Vanadium affects macrophage interferon-γ-binding and -inducible responses

Abstract Mouse WEHI-3 cells were exposed overnight to vanadium [V; ammonium metavanadate (NH 4 VO 3 ) or vanadium pentoxide (V 2 O 5 )] to determine whether documented V-induced immunomodulation might arise from altered macrophage (Mφ) interactions with interferon-γ (IFNγ) or altered IFNγ-inducible responses. Binding studies performed at 22°C indicated that although NH 4 VO 3 -pretreated cells had ≈48% fewer actively-binding Class I IFNγ receptors, binding affinities were 1.5-fold greater than that of control cell receptors; Class II expression was unaffected but affinities were reduced 2-fold. Postbinding IFNγ–receptor complex internalization was unaffected by V pretreatment. Spontaneous production of both hydrogen peroxide and superoxide anion was significantly increased by treatment with both V compounds.
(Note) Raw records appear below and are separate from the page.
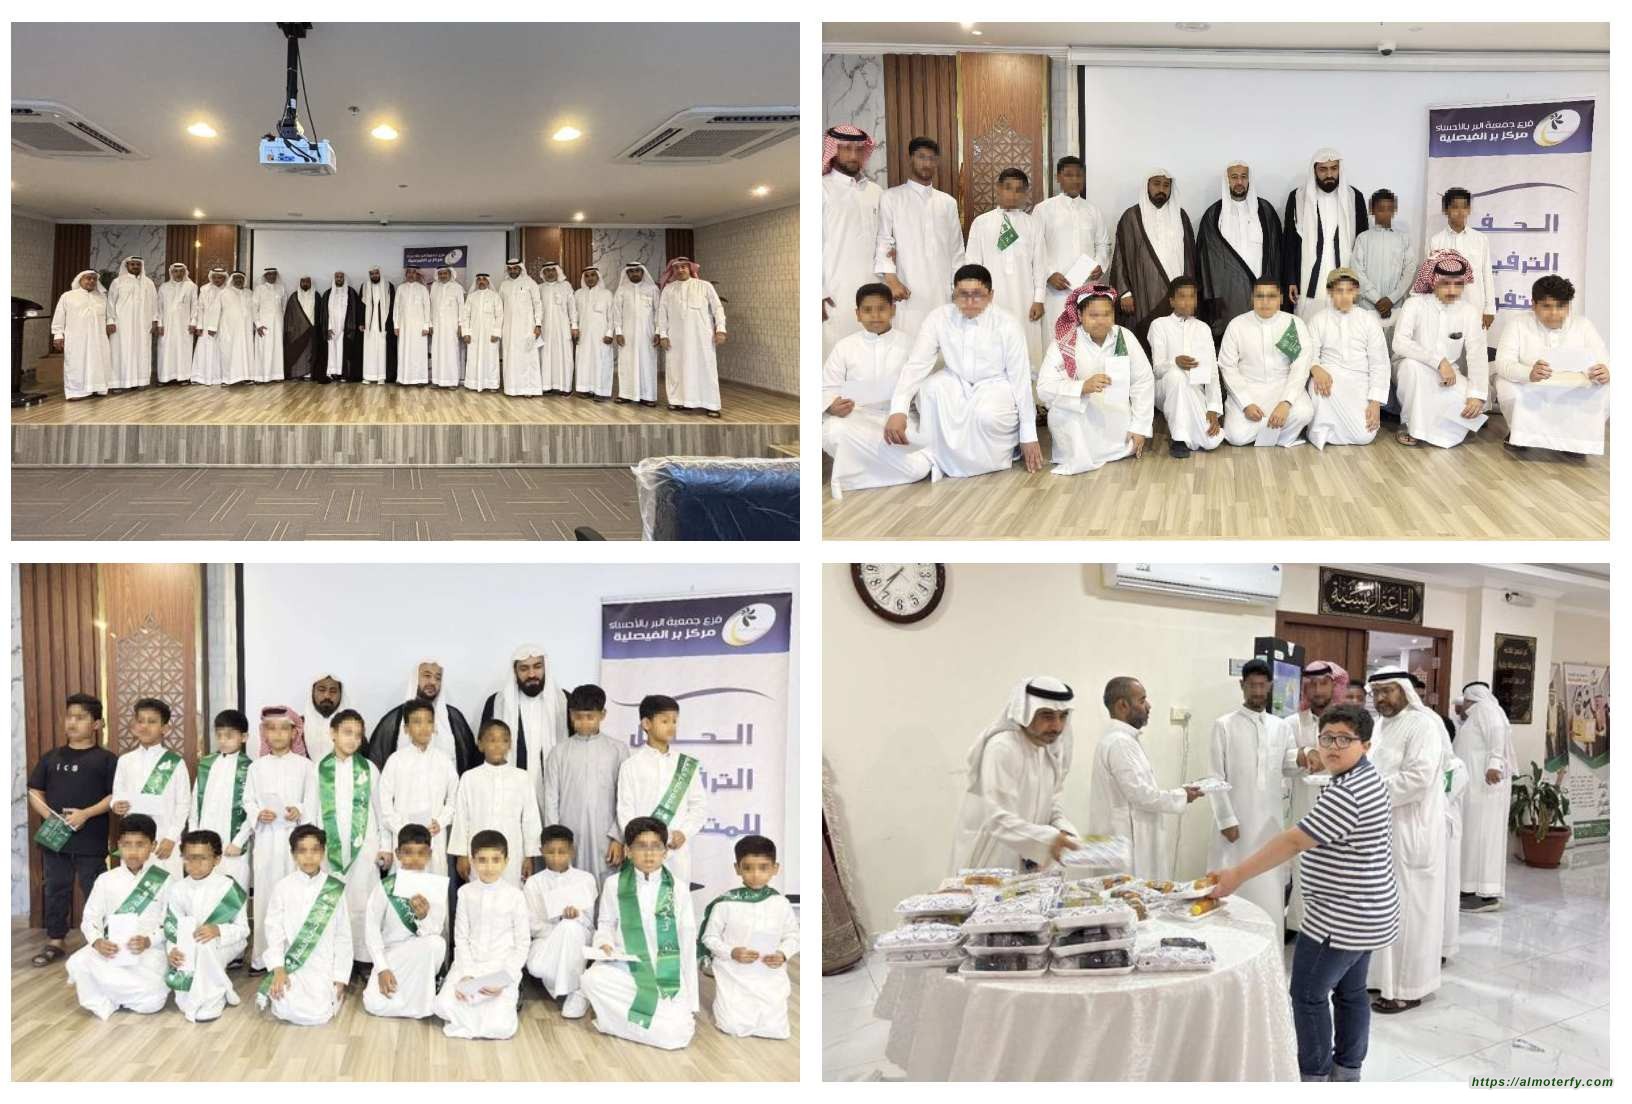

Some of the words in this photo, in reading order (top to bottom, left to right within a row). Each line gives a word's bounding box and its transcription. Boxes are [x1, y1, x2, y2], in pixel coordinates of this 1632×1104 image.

[1485, 121, 1515, 130] جمعية
[1439, 132, 1487, 144] الفيصلية
[1489, 133, 1498, 142] بر
[1501, 131, 1528, 141] مركز
[1471, 213, 1559, 233] الحف
[613, 629, 668, 643] الفيصلية
[672, 630, 682, 640] بر
[685, 628, 716, 639] مركز
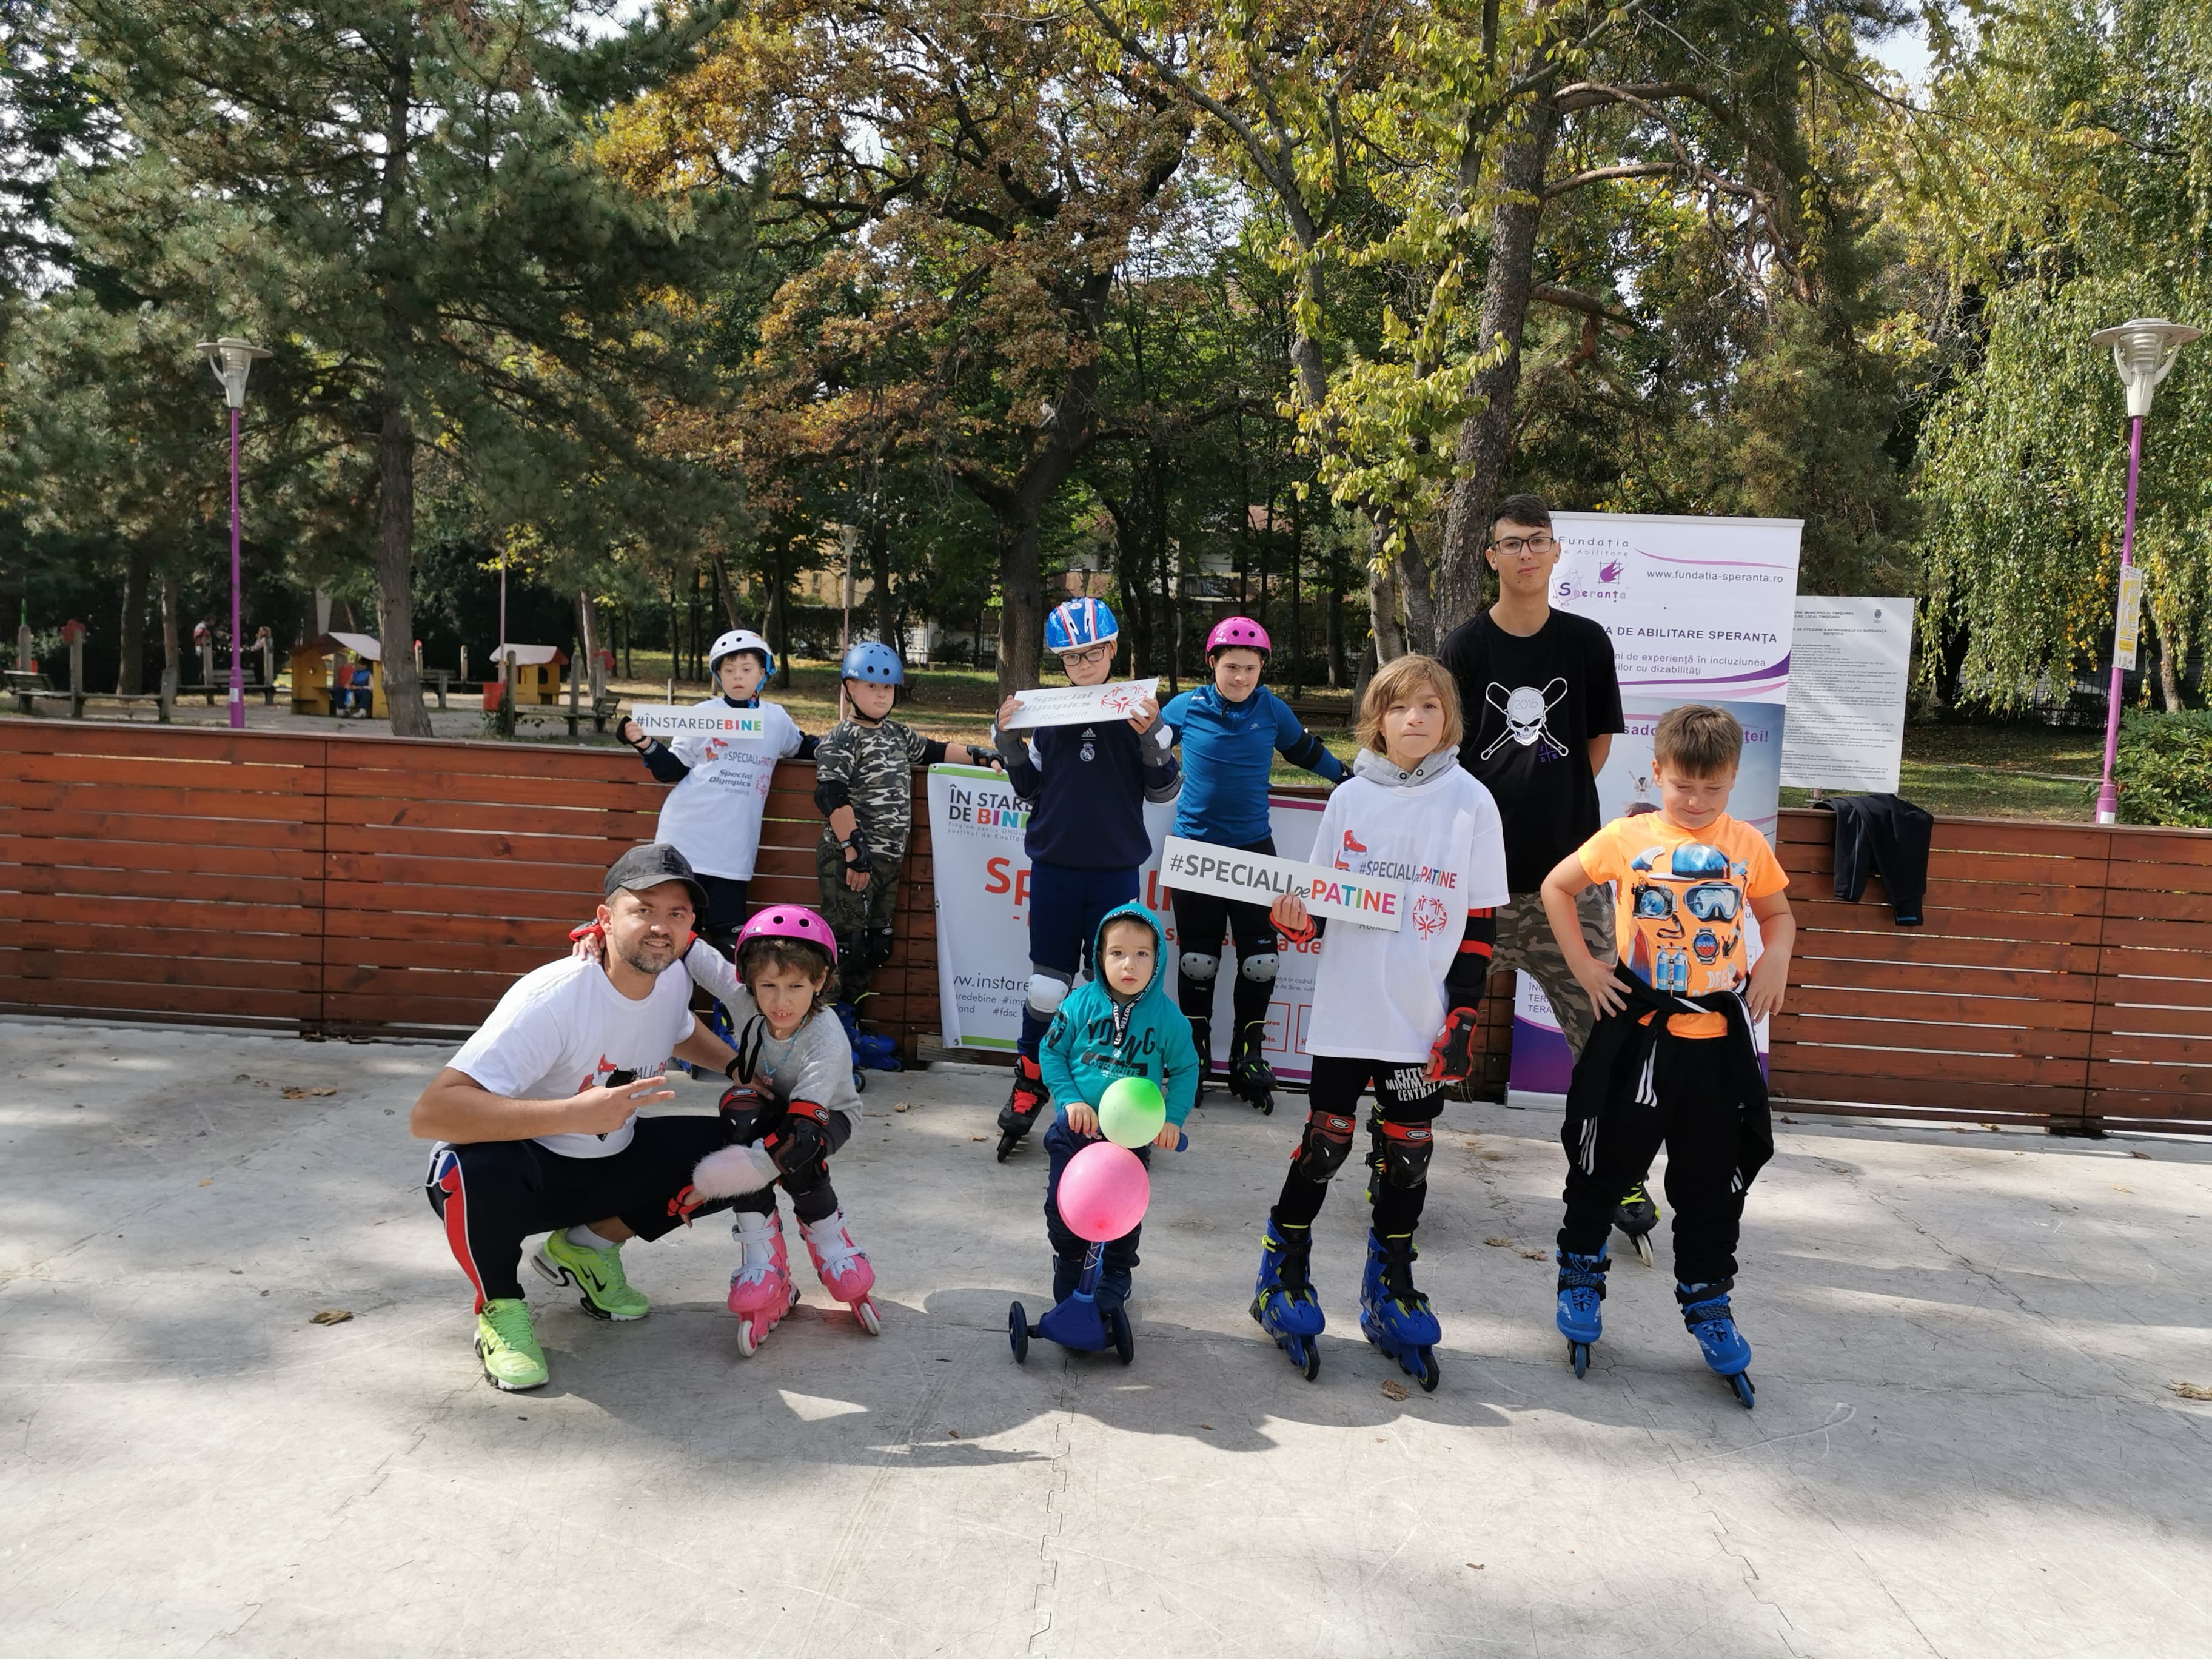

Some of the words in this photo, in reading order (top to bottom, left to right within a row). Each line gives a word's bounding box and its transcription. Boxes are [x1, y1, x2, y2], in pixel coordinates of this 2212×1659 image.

[1647, 570, 1783, 583] www.fundatia-speranta.ro
[1617, 627, 1634, 635] DE
[1637, 628, 1703, 639] ABILITARE
[1698, 655, 1706, 664] în
[1710, 657, 1766, 666] incluziunea
[1033, 691, 1094, 703] Special
[1515, 698, 1539, 709] 2015
[1041, 709, 1087, 720] Romania
[719, 769, 753, 779] Special
[709, 776, 751, 787] Olympics
[949, 783, 971, 805] ÎN
[949, 805, 971, 822] DE
[948, 821, 974, 830] Program
[993, 1007, 1018, 1017] #fdsc
[1087, 1019, 1155, 1066] YONG
[1398, 1082, 1437, 1101] CENTRAL
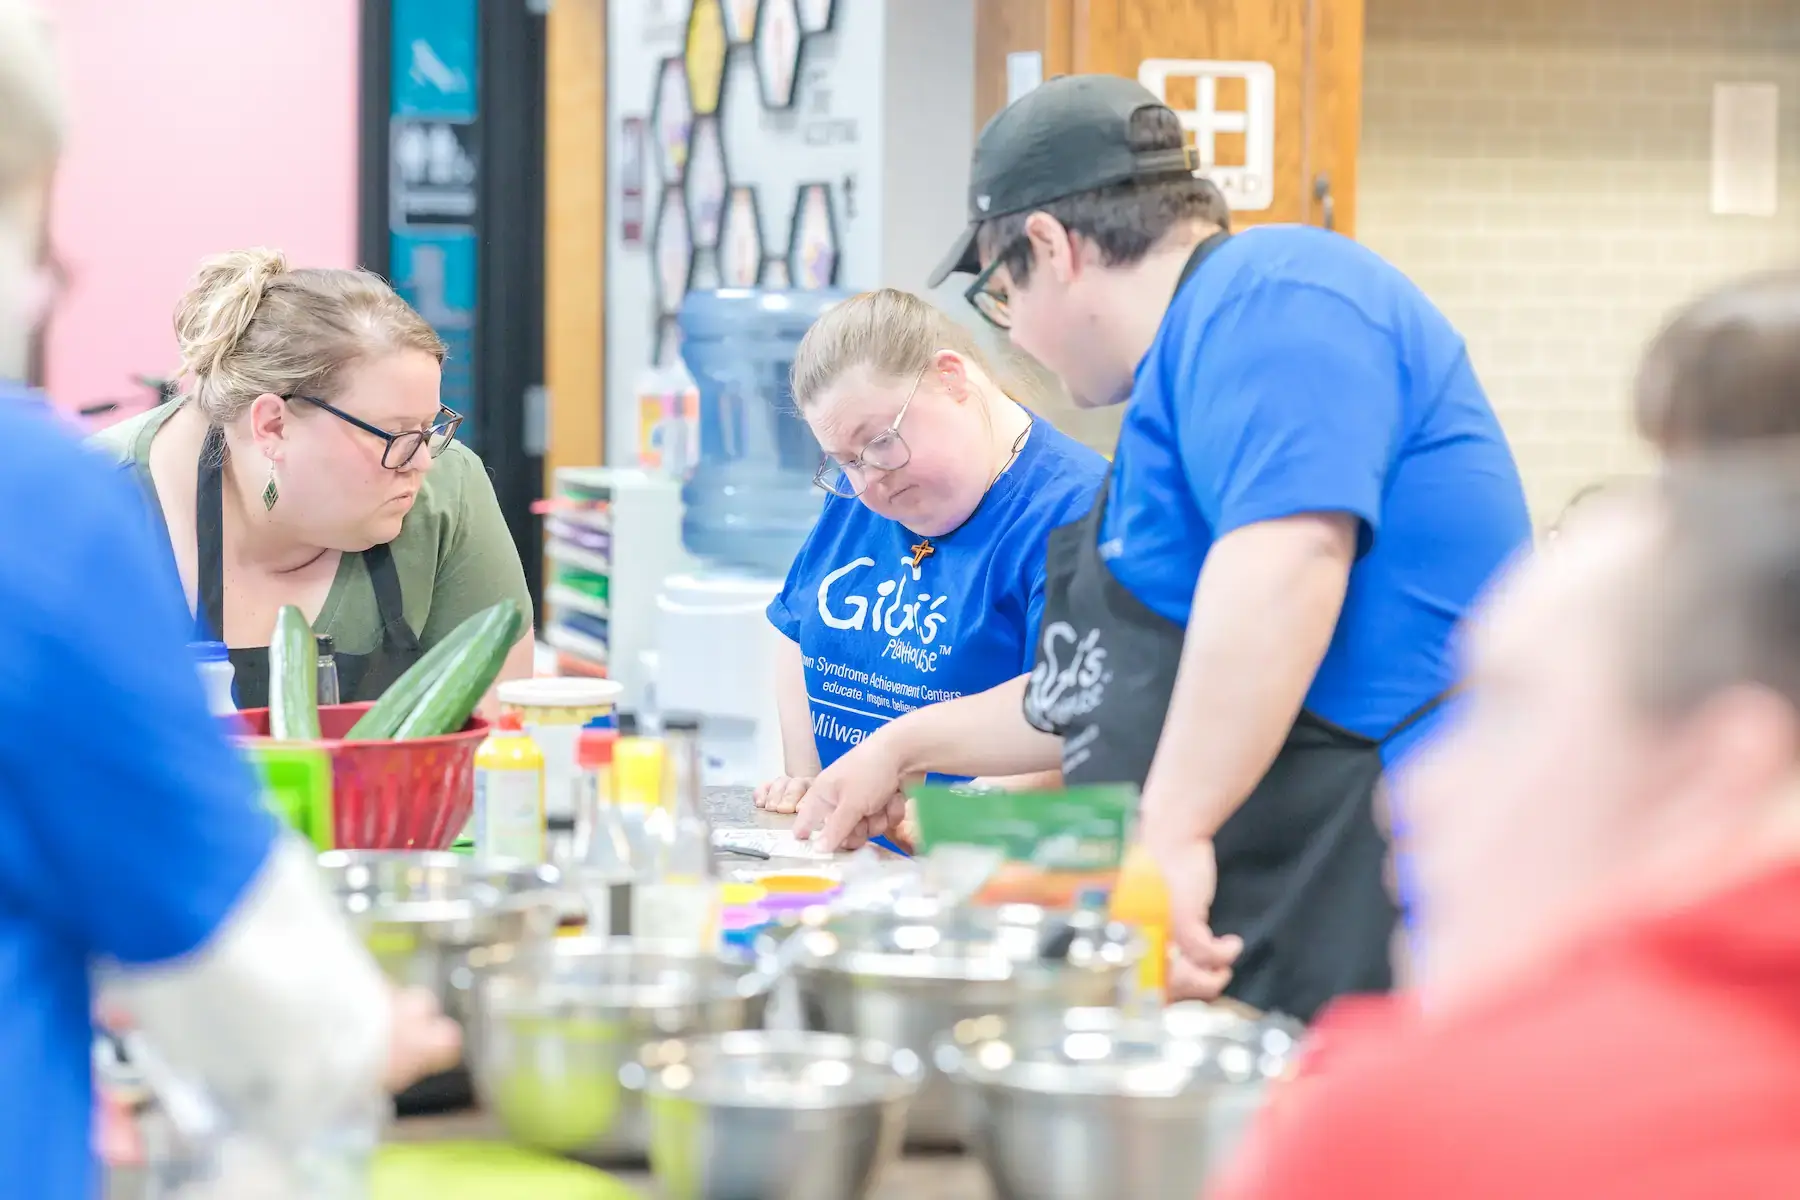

Total hydrogen peroxide and superoxide production was increased by stimulation of IFNγ-primed cells with zymosan, but relative increases in primed V-treated cells were lower than that in controls. Vanadium-treated cells also displayed decreased rates of IFNγ-induced changes in [Ca 2+ ] i levels secondary to increased resting [Ca 2+ ] i levels. Although V-treated cells did not display significant increases in I-A expression after IFNγ treatment, increased numbers of I-A + cells (irrespective of priming) and lower maximal antigen densities than observed on I-A + control cells were evident. Results from this study show that V exposure may produce alterations in Mφ-mediated functions, in part, by modifying cell interactions with IFNγ and subsequent IFNγ-dependent functional parameters.